Conservatives cheered the demise of the federal Export-Import Bank Tuesday and vowed to beat back efforts to revive it, even as business leaders and the White House issued dire warnings that letting the agency expire at midnight would hurt U.S. competitiveness globally.
"Ding Dong, the Ex-Im Bank is dead!" declared FreedomWorks, one of the outside groups responsible for transforming the bank from an obscure government lending institution into a conservative rallying cry.
"This is a critical blow to manufacturers," countered Aric Newhouse, a senior vice president at the National Association of Manufacturers, arguing that the bank plays a necessary role in underwriting loans to help foreign customers purchase U.S. goods.
The charter of the 81-year-old government agency expires at midnight Tuesday without congressional action, and with the House and Senate on recess for the July 4 holiday there was no chance of a last-minute reprieve. Supporters warn that billions of dollars in pending deals are at risk because of the failure to renew the bank's charter, something that's been done numerous times over the years with little to no controversy.
"Congress is taking a step backward," President Barack Obama argued in an opinion piece distributed by the White House Tuesday. "Other countries aren't going to just stop competing when Ex-Im lapses."
But although the Export-Import Bank will be unable to make new loans as of midnight, it will stay in business for the time being to service more than $100 billion in outstanding loans and guarantees, and no immediate layoffs or changes are planned, bank officials said. The bank is funded through Sept. 30.
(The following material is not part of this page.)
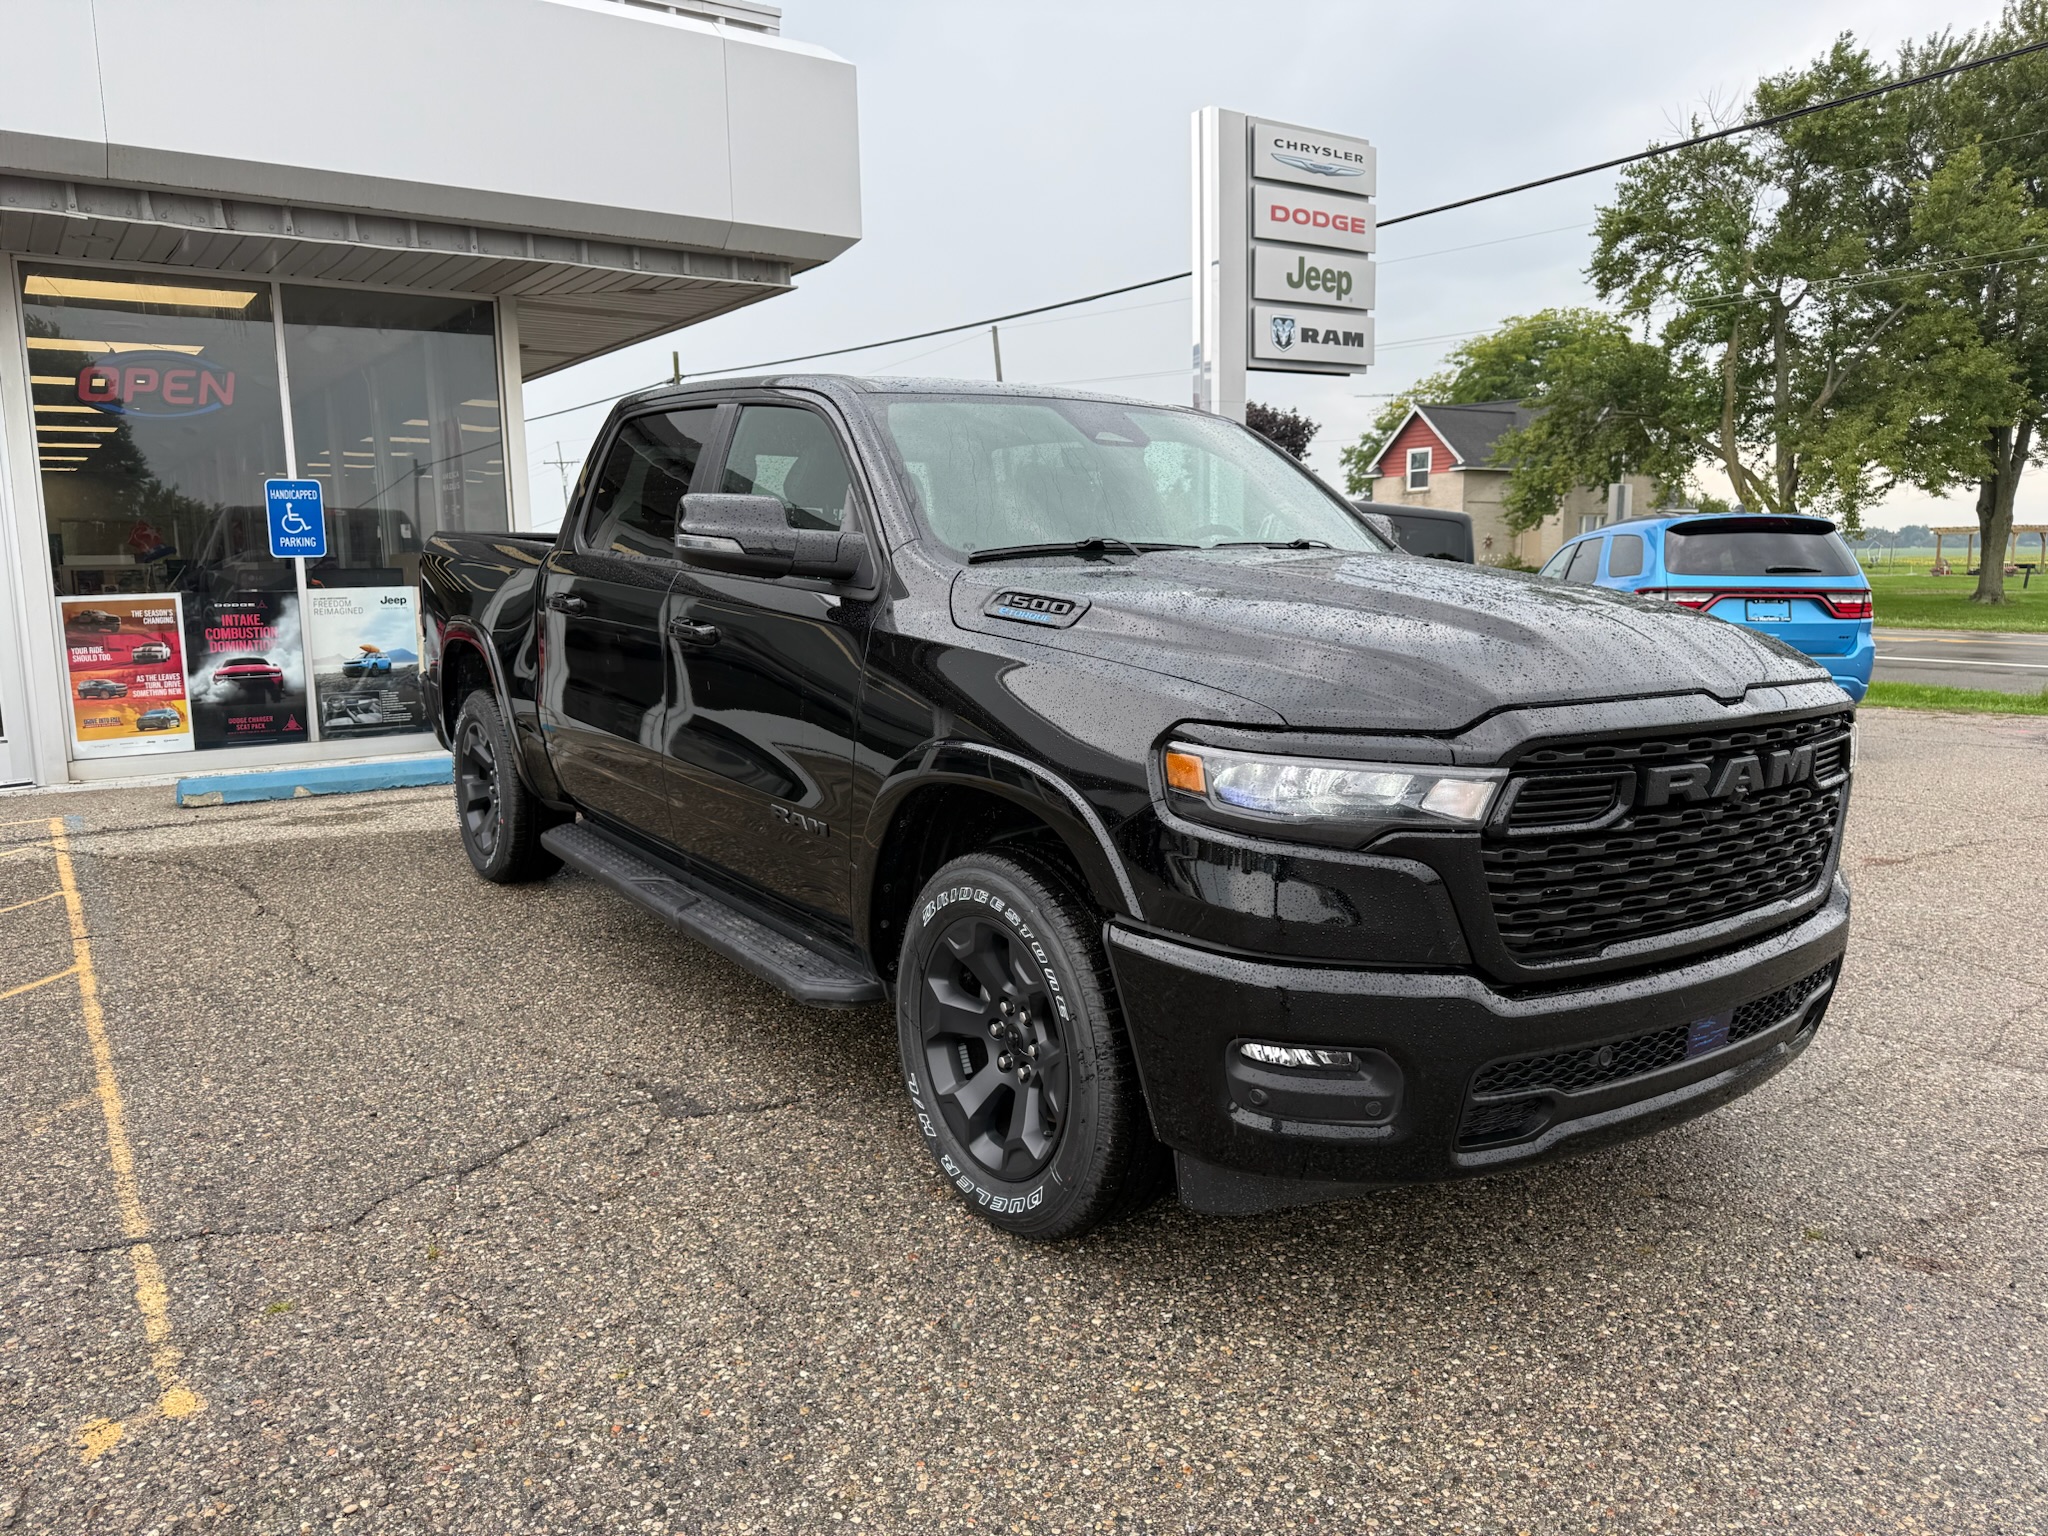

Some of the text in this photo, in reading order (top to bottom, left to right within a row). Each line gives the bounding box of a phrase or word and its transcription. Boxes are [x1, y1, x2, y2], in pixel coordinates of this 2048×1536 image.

Supporters are making plans to revive the bank in the coming weeks by attaching it to must-pass legislation to extend the highway trust fund. Senate Majority Leader Mitch McConnell, R-Ky., told The Associated Press this week that supporters of the bank have the votes to pass it and he will give them the opportunity to do so. Whether it could then get through the House is less certain, and conservative groups and lawmakers pledged to redouble their efforts to oppose it.
Sen. Marco Rubio, R-Fla., a candidate for president, warned Tuesday that the Export-Import Bank threatens to "rear its head once again" when Congress returns from recess next week, and said opponents must "remain vigilant."
"Ex-Im still benefits a few large politically connected corporations at the expense of all taxpayers," Rubio said on a conference call organized by the billionaire Koch brothers' Freedom Partners. "The only thing that's changed ... is the intensity of the grassroots effort on this critical issue and that's why their voice is going to be needed more than ever now."
Pressure from tea party-backed lawmakers and outside conservatives like the Koch brothers has pushed GOP congressional leaders and presidential candidates to line up against the bank, defying their traditional allies in the business community who support it.
That's led to bitter grumbling from some business leaders. Two business officials on a conference call Tuesday organized by the Exporters for Ex-Im Coalition, a group backed by the National Association of Manufacturers and others, attacked House Majority Leader Kevin McCarthy, R-Calif., in unusually personal terms for turning against the bank.
One of them, Don Nelson, president of California-based ProGauge Technologies, said he'd met with McCarthy personally to explain that his company that makes oil industry equipment will have to stop exporting if the Export-Import Bank is dissolved.
"Truth be told, he has zero experience or knowledge on the topic and yet he and other misguided congressmen portray they're experts on this topic and say the private sector can take over," Nelson said. "They really don't have a clue what they're doing or the damage they're going to inflict on small businesses in America by closing the Ex-Im bank."
McCarthy spokesman Matt Sparks disputed the criticism in a statement. "In the marketplace of ideas the best argument should win, and while the congressman understands the concerns of the bank's supporters, he believes the role of the bank is better suited for the private sector," Sparks said.